Task to complete ->
Although the entries contain pictures, the copy should hold only their exact text.

=== Materials provided ===

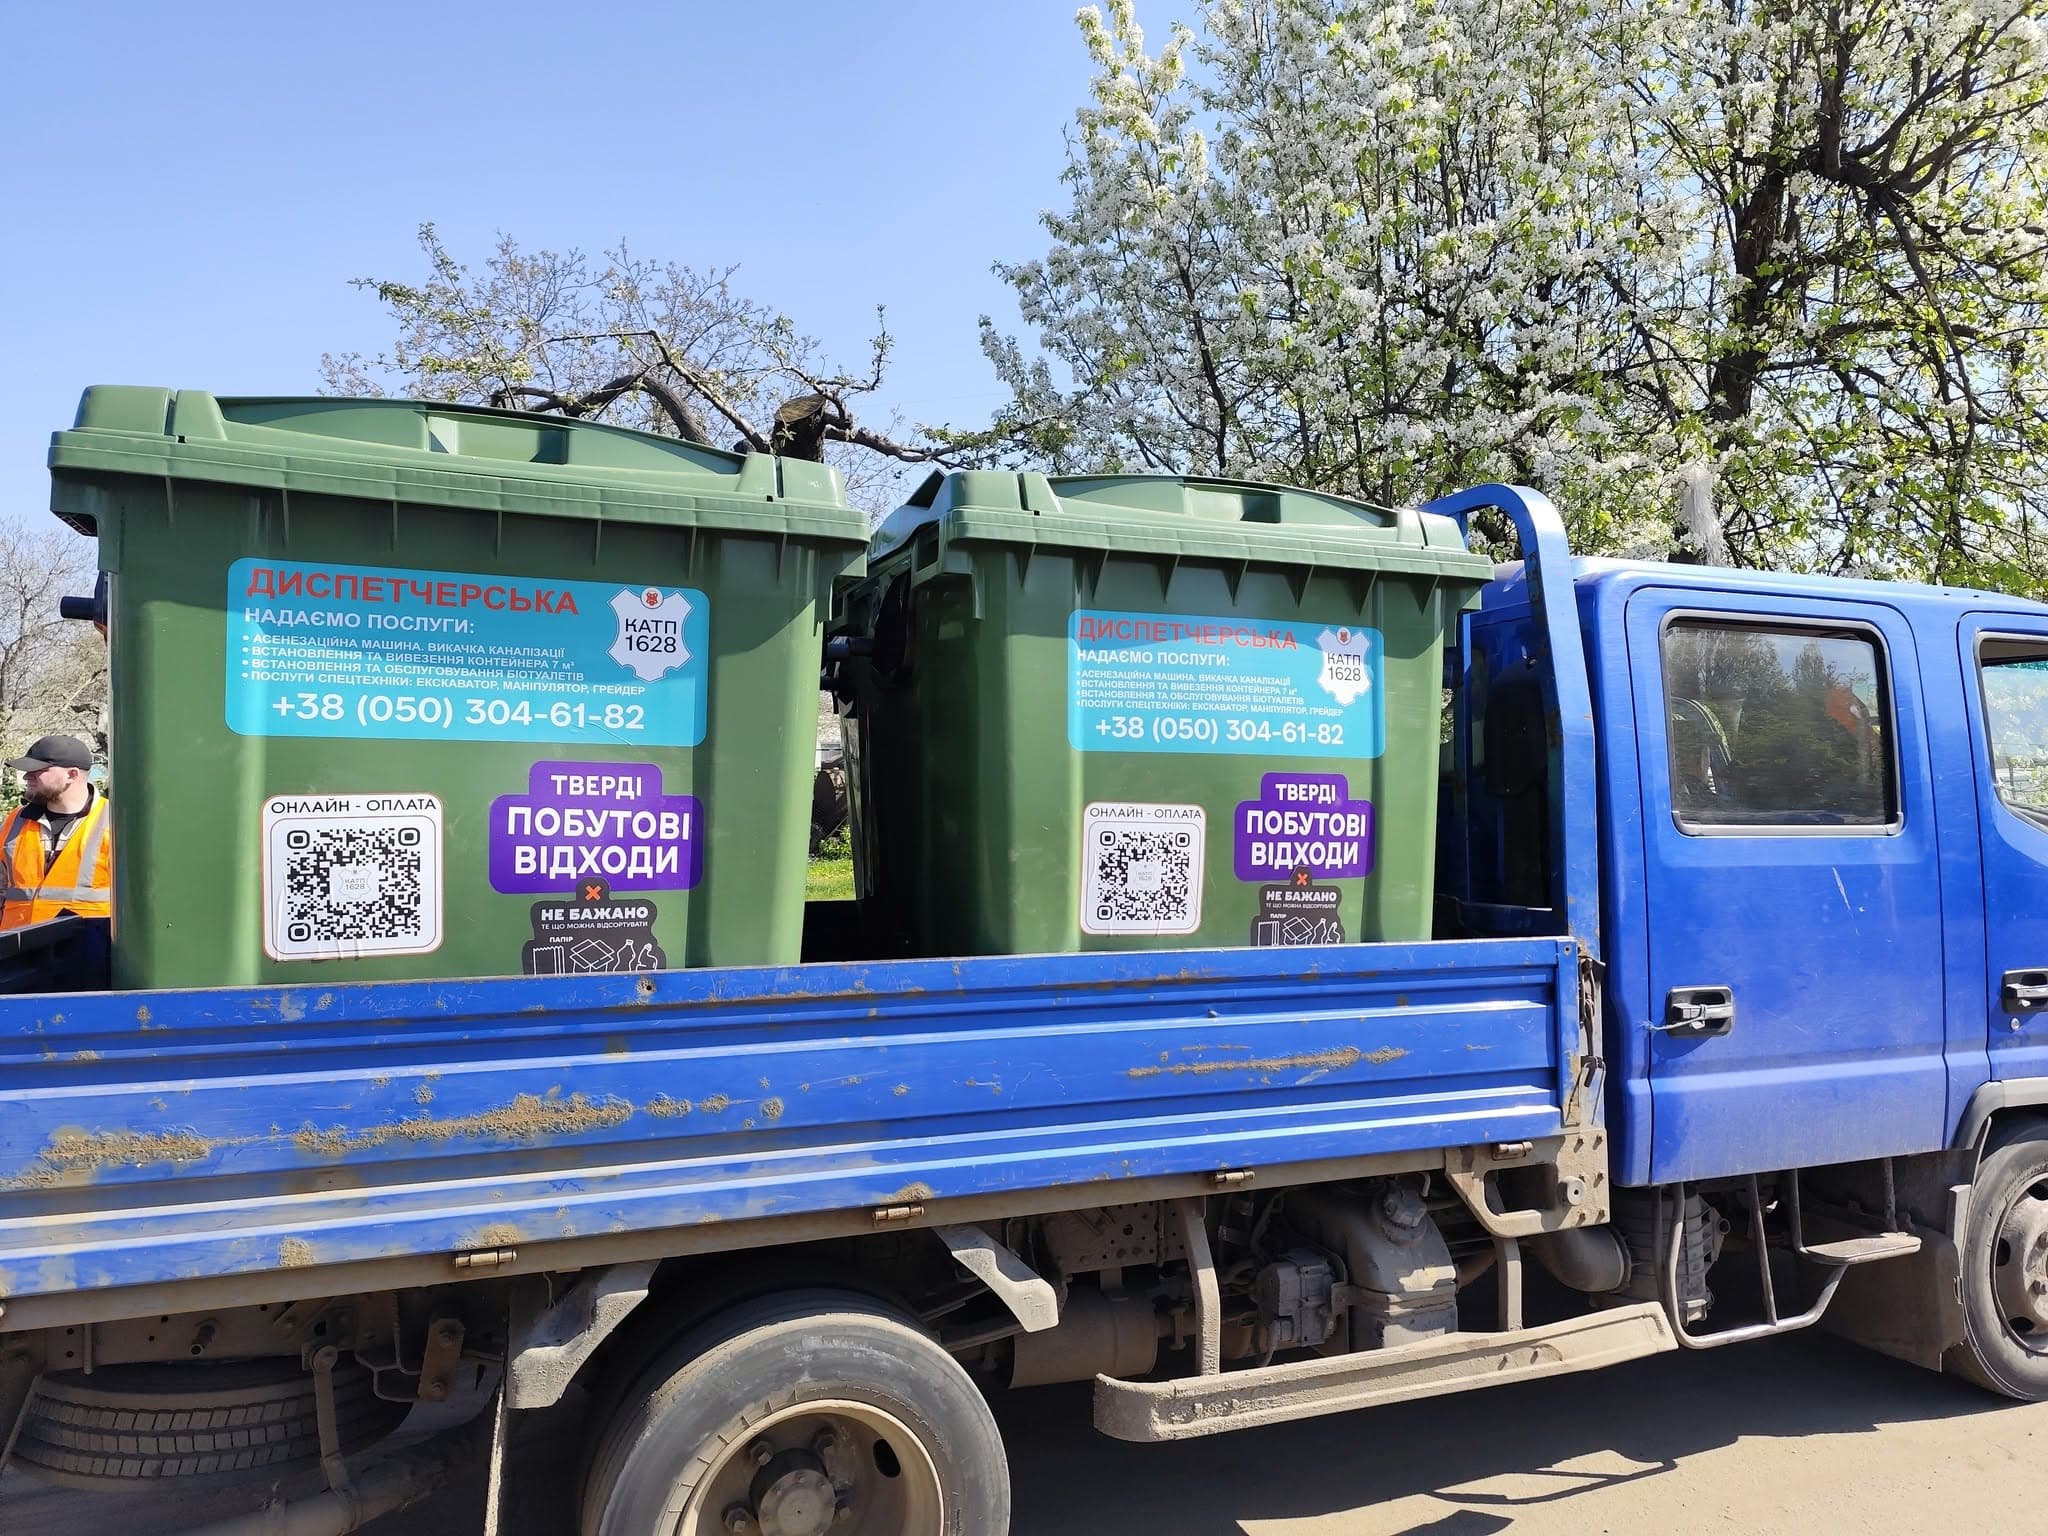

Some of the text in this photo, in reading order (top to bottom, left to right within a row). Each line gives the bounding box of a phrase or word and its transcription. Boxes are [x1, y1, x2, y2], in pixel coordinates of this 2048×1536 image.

[247, 567, 579, 616] ДИСПЕТЧЕРСЬКА
[245, 608, 475, 636] НАДАЄМО ПОСЛУГИ:
[625, 618, 677, 636] КАТП
[625, 635, 677, 653] 1628
[1078, 617, 1297, 650] ДИСПЕТЧЕРСЬКА
[253, 634, 565, 659] АСЕНЕЗАЦІЙНА МАШИНА. ВИКАЧКА КАНАЛІЗАЦІЇ
[252, 646, 362, 660] ВСТАНОВЛЕННЯ
[366, 651, 383, 661] ТА
[386, 652, 464, 665] ВИВЕЗЕННЯ
[468, 656, 549, 669] КОНТЕЙНЕРА
[552, 660, 558, 669] 7
[1077, 650, 1230, 667] НАДАЄМО ПОСЛУГИ:
[1327, 652, 1361, 665] КАТП
[252, 658, 584, 682] ВСТАНОВЛЕННЯ ТА ОБСЛУГОВУВАННЯ БІОТУАЛЕТІВ
[1329, 667, 1361, 682] 1628
[251, 671, 645, 696] ПОСЛУГИ СПЕЦТЕХНІКИ: ЕКСКАВАТОР, МАНІПУЛЯТОР, ГРЕЙДЕР
[1081, 680, 1155, 689] ВСТАНОВЛЕННЯ
[1081, 690, 1155, 699] ВСТАНОВЛЕННЯ
[1157, 692, 1168, 700] ТА
[1081, 699, 1123, 708] ПОСЛУГИ
[273, 692, 645, 730] +38 (050) 304-61-82
[1096, 717, 1344, 745] +38 (050) 304-61-82
[551, 774, 642, 799] ТВЕРДІ
[1275, 784, 1336, 804] ТВЕРДІ
[271, 798, 350, 814] ОНЛАЙН
[367, 798, 436, 812] ОПЛАТА
[1090, 806, 1143, 818] ОНЛАЙН
[1154, 808, 1202, 819] ОПЛАТА
[507, 805, 691, 841] ПОБУТОВІ
[1246, 810, 1366, 837] ПОБУТОВІ
[515, 846, 679, 880] ВІДХОДИ
[1251, 841, 1358, 870] ВІДХОДИ
[1266, 891, 1337, 902] НЕ БАЖАНО
[541, 906, 648, 920] НЕ БАЖАНО
[597, 921, 648, 929] ВІДСОРТУВАТИ
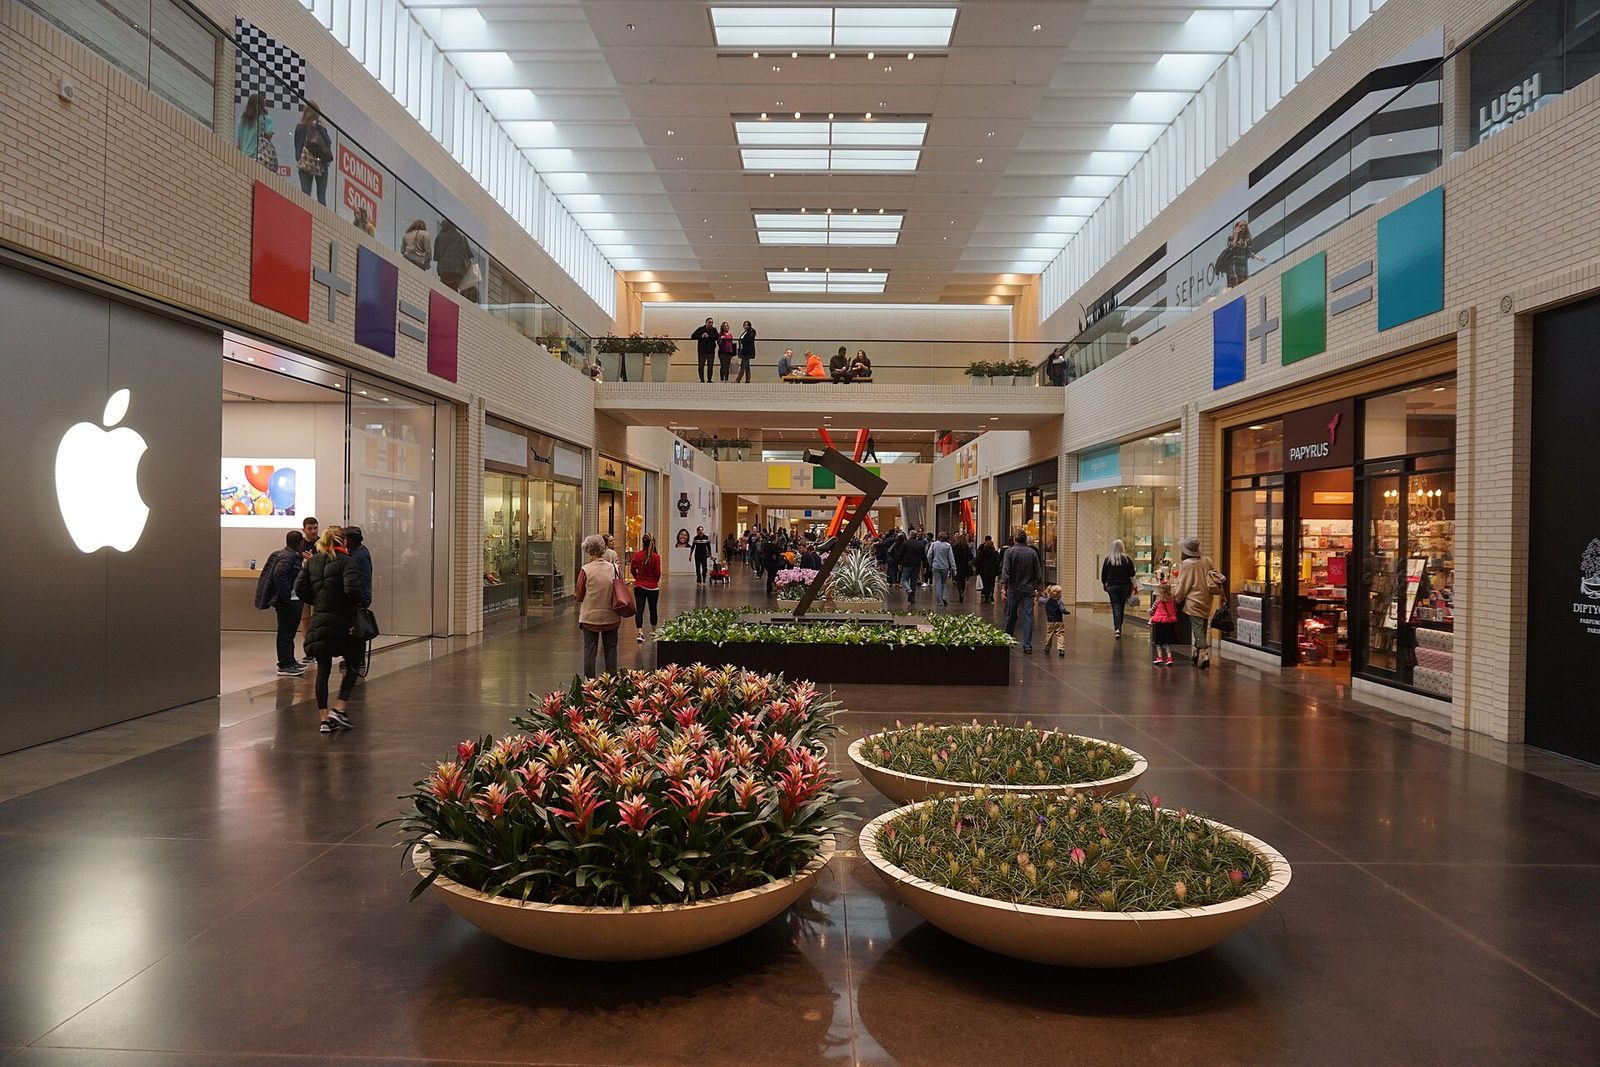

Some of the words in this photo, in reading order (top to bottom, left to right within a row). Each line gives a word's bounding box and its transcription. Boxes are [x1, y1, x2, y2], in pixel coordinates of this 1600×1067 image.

===

Solution below ->
Some of the text in this photo, in reading order (top to bottom, left to right within a row). Each line gives the bounding box of a phrase or word and its transcription. Boxes are [x1, y1, x2, y2], in pixel coordinates of this 2048×1536 image.

[247, 567, 579, 616] ДИСПЕТЧЕРСЬКА
[245, 608, 475, 636] НАДАЄМО ПОСЛУГИ:
[625, 618, 677, 636] КАТП
[625, 635, 677, 653] 1628
[1078, 617, 1297, 650] ДИСПЕТЧЕРСЬКА
[253, 634, 565, 659] АСЕНЕЗАЦІЙНА МАШИНА. ВИКАЧКА КАНАЛІЗАЦІЇ
[252, 646, 362, 660] ВСТАНОВЛЕННЯ
[366, 651, 383, 661] ТА
[386, 652, 464, 665] ВИВЕЗЕННЯ
[468, 656, 549, 669] КОНТЕЙНЕРА
[552, 660, 558, 669] 7
[1077, 650, 1230, 667] НАДАЄМО ПОСЛУГИ:
[1327, 652, 1361, 665] КАТП
[252, 658, 584, 682] ВСТАНОВЛЕННЯ ТА ОБСЛУГОВУВАННЯ БІОТУАЛЕТІВ
[1329, 667, 1361, 682] 1628
[251, 671, 645, 696] ПОСЛУГИ СПЕЦТЕХНІКИ: ЕКСКАВАТОР, МАНІПУЛЯТОР, ГРЕЙДЕР
[1081, 680, 1155, 689] ВСТАНОВЛЕННЯ
[1081, 690, 1155, 699] ВСТАНОВЛЕННЯ
[1157, 692, 1168, 700] ТА
[1081, 699, 1123, 708] ПОСЛУГИ
[273, 692, 645, 730] +38 (050) 304-61-82
[1096, 717, 1344, 745] +38 (050) 304-61-82
[551, 774, 642, 799] ТВЕРДІ
[1275, 784, 1336, 804] ТВЕРДІ
[271, 798, 350, 814] ОНЛАЙН
[367, 798, 436, 812] ОПЛАТА
[1090, 806, 1143, 818] ОНЛАЙН
[1154, 808, 1202, 819] ОПЛАТА
[507, 805, 691, 841] ПОБУТОВІ
[1246, 810, 1366, 837] ПОБУТОВІ
[515, 846, 679, 880] ВІДХОДИ
[1251, 841, 1358, 870] ВІДХОДИ
[1266, 891, 1337, 902] НЕ БАЖАНО
[541, 906, 648, 920] НЕ БАЖАНО
[597, 921, 648, 929] ВІДСОРТУВАТИ

Some of the words in this photo, in reading order (top to bottom, left to right within a row). Each line gives a word's bounding box and its transcription. Boxes are [x1, y1, x2, y2], in pixel coordinates of this 1600×1067 image.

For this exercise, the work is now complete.